**Task requirements:**
The entries below are to be copied exactly, with every picture left out.

**The data:**
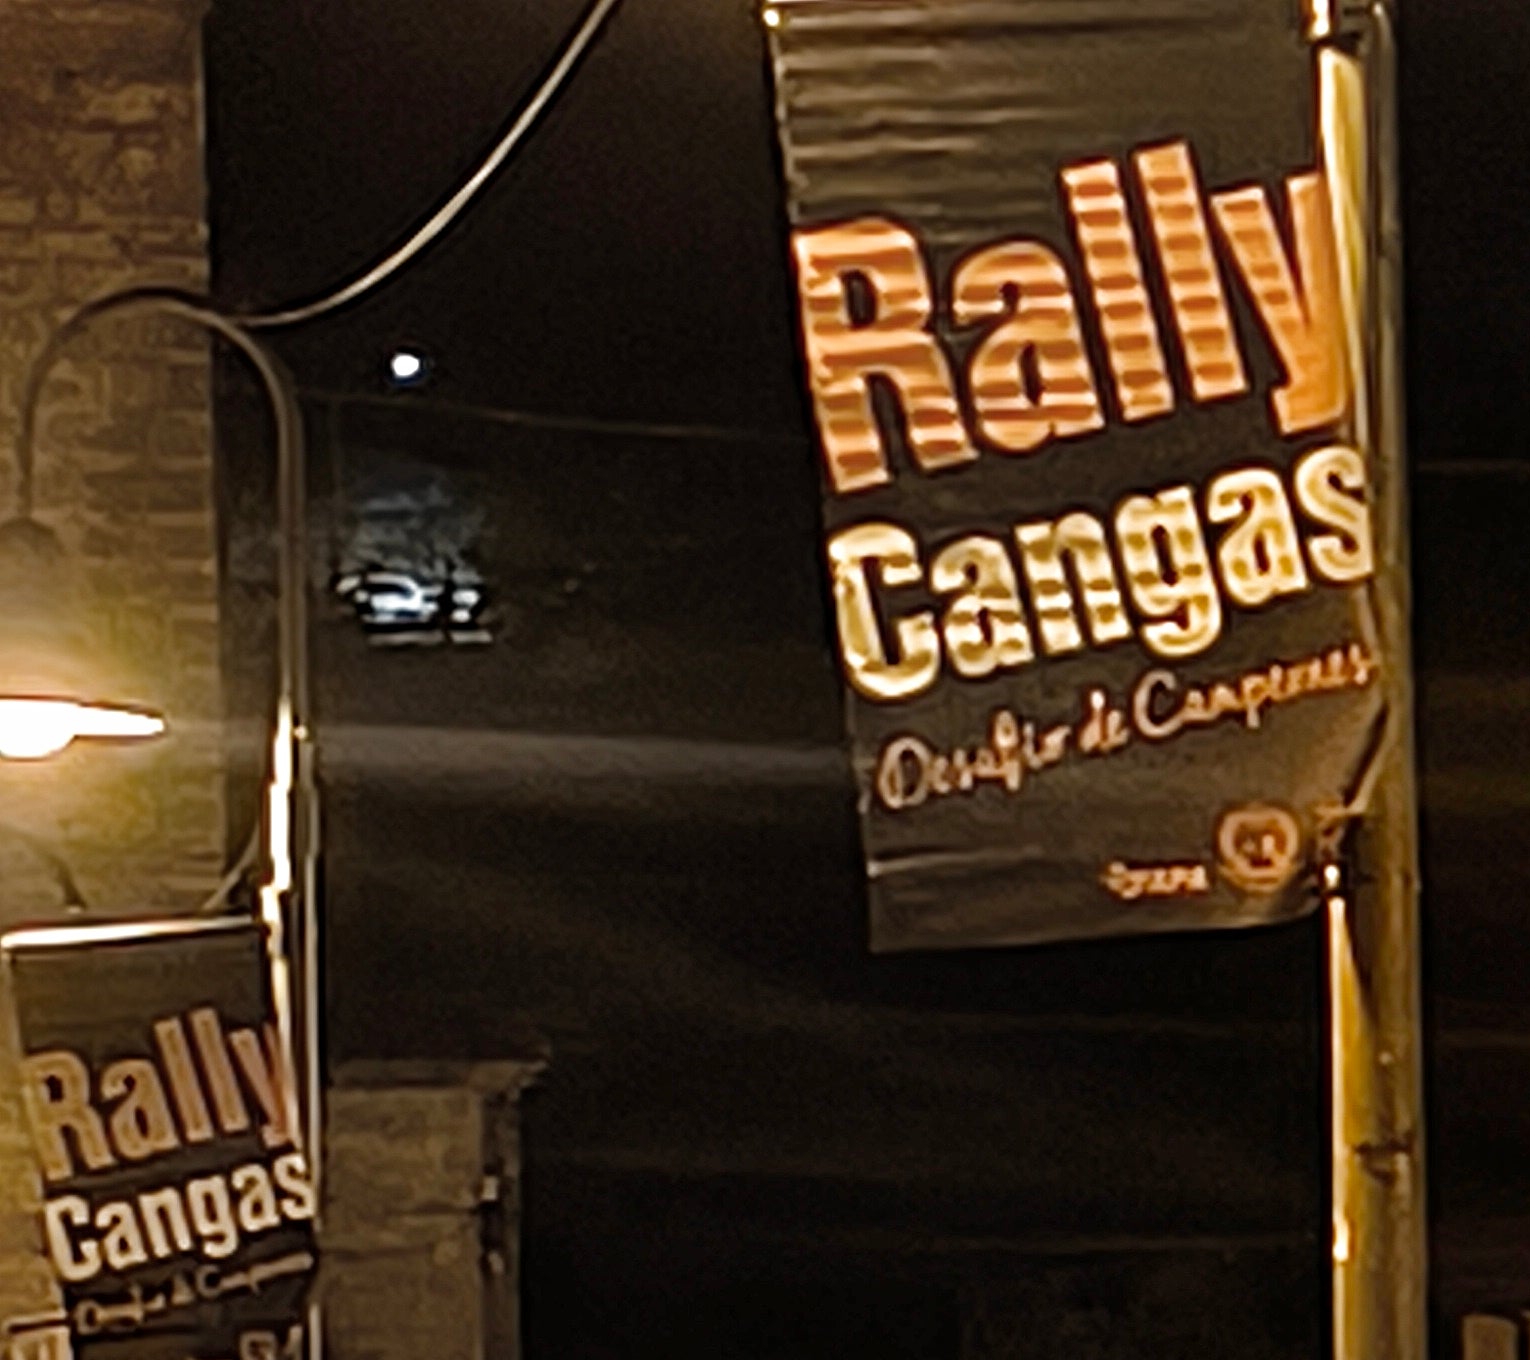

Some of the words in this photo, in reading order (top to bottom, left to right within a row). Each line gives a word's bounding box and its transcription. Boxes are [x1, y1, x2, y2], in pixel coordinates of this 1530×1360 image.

[794, 140, 1350, 494] Rally
[827, 445, 1375, 702] Cangas
[1079, 689, 1130, 752] de
[22, 1007, 294, 1182] Rally
[45, 1152, 315, 1282] Cangas

**Solution to this exercise:**
Some of the words in this photo, in reading order (top to bottom, left to right within a row). Each line gives a word's bounding box and its transcription. Boxes are [x1, y1, x2, y2], in pixel coordinates of this 1530×1360 image.

[794, 140, 1350, 494] Rally
[827, 445, 1375, 702] Cangas
[1079, 689, 1130, 752] de
[22, 1007, 294, 1182] Rally
[45, 1152, 315, 1282] Cangas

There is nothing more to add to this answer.